I'd like to hear from others who might have done something along these lines successfully.


----------



## gfadvm (Jan 13, 2011)

I'm 6'4" and near sighted so I like everything higher than it comes from the factory. I have the Grizz 715p and raised it 7" by simply putting round (could have used square) blocks of wood under each leg (foot?). Works fine, no stability issues. I made it 1/2" higher than my bench so it could serve as an outfeed table. You can see how I did it on my shop video.


----------



## craftsman on the lake (Dec 27, 2008)

When you make a workbench for using hand tools with the rule of thumb is to stand straight with your arm to your side and your palm flat to determine height. I'm wondering if there's any rule for power tools? Maybe the same rule might apply.


----------



## Woodenitbenice (Oct 21, 2011)

gfadvm: Glad to hear that the Grizzly 715P could be elevated that much without any stability problems. In my case it is not my height that is part of the problem. I am only 5'10" tall. But even so I feel much more comfortable working with tools that are more elevated. I have been this way since way before my age and physical condition became a factor but now even more so.

Craftsman: I guess I wasn't built to follow that particular rule of thumb. I wonder whose thumbs they use to make up those rules.


----------



## Rick Dennington (Aug 27, 2009)

You can make it any highth you want to…there is no set rules…..depends on what you are most comfortable with…one thing: if you make them all the same highth or real close,(say a 1/2" difference) then it'll be easier if you want to use your work table or outfeed tables. For me, haveing a very bad back, and only 5'8", all of my tables, saws, router table, etc…...all are about 42".....I built a riser for the t.s….way too low from the factory (34").....I like things high up to keep from having to stoop over so much….but that's just me.
You can do it any way you want…it's your shop and your tools….you dictate…don't let someone else….We all have our own ideas how to do things…...do itway..you'll be happier…..


----------



## Woodenitbenice (Oct 21, 2011)

Rick, I am in a similar situation and can't bend over too much for any length of time.
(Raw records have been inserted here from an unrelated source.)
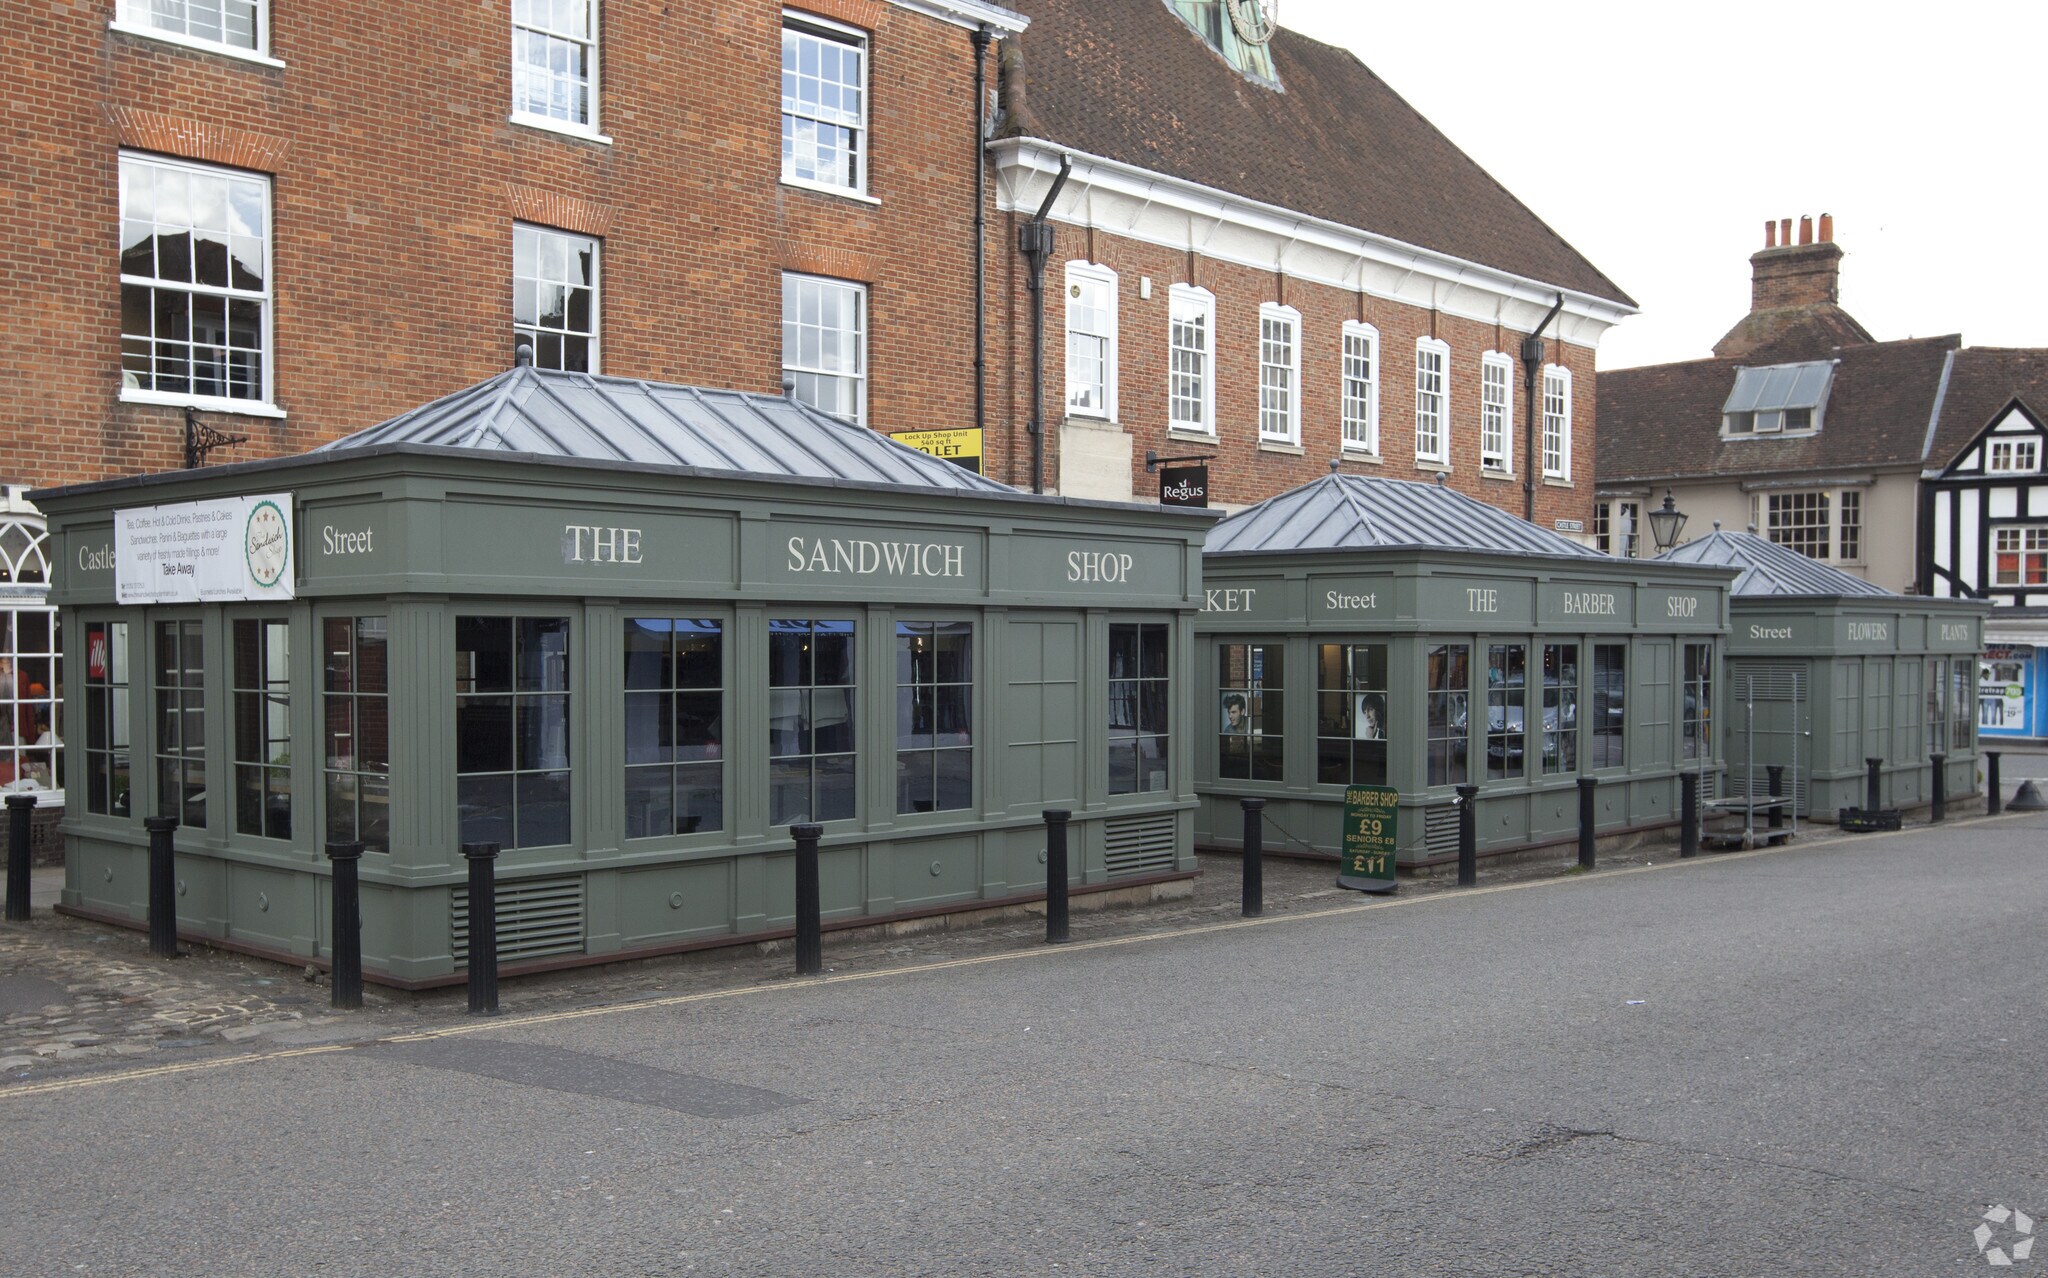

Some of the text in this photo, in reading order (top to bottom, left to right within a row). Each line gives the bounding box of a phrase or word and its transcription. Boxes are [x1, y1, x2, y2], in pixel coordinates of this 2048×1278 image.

[933, 432, 951, 440] Shop
[914, 445, 961, 456] O LET
[1164, 486, 1203, 500] Regus
[166, 515, 176, 526] Cold
[216, 510, 232, 521] Cakes
[177, 531, 200, 543] Baguettes
[215, 529, 228, 541] large
[249, 526, 282, 554] Sandwich
[79, 525, 373, 571] Castle Street
[137, 551, 151, 563] variety
[172, 548, 185, 558] made
[565, 525, 1133, 582] THE SANDWICH SHOP
[162, 562, 195, 578] Take Away
[1200, 588, 1377, 612] KET Street
[1467, 588, 1698, 617] THE BARBER SHOP
[1750, 624, 1792, 639] Street
[1848, 623, 1968, 641] FLOWERS PLANTS
[91, 639, 106, 674] illy
[1353, 791, 1379, 806] BARBER
[1380, 792, 1398, 807] SHOP
[1360, 819, 1382, 836] £9
[1346, 834, 1383, 844] SENIORS
I was a little concerned about the stability of raising something like the Grizzly 715P up very much but it looks like it can be done. But I do sometimes wonder why the standard from the factory height is so low. I guess most folks like working that way.


----------



## Rick Dennington (Aug 27, 2009)

Bill,

I understand completely about the bending…it's a real killer for me..sounds like for you too…. I don't know wnything at all about Grizzly table saws and other machines…Is it on legs, or is it a cabinet model ? I think either way it can be done….Example: Take a look at my blog *"A new look for an old workhorse*", and you'll see what I mean. I took an old Craftsman t.s. that I had for years and built a saw cabinet doing away with the standard legs that came with it…The cabinet made it more stable, plus extra storage, and dust collection. But I have a Delta Unisaw w/ cainet, and I raised it up several inches for some relief…. About 34" has always been the standard highth for saws…..I think they are too low, and a lot of the jocks on here feel the same way, so they raise them up at a comfortable highth….Some like them low for things like hand planing, scraping, sanding, etc…I don't use hand tools hardly at all just for that reason…..I'm a power tool person.


----------



## Bertha (Jan 10, 2011)

You could always pour a concrete "footer" for your cabinet saw. Maybe cast it onto a gym mat or something to give it a bit of cushion and bite? It wouldn't be much fun to move around, so you might want to pour it where it will stay Shouldn't be any stability issues there.


----------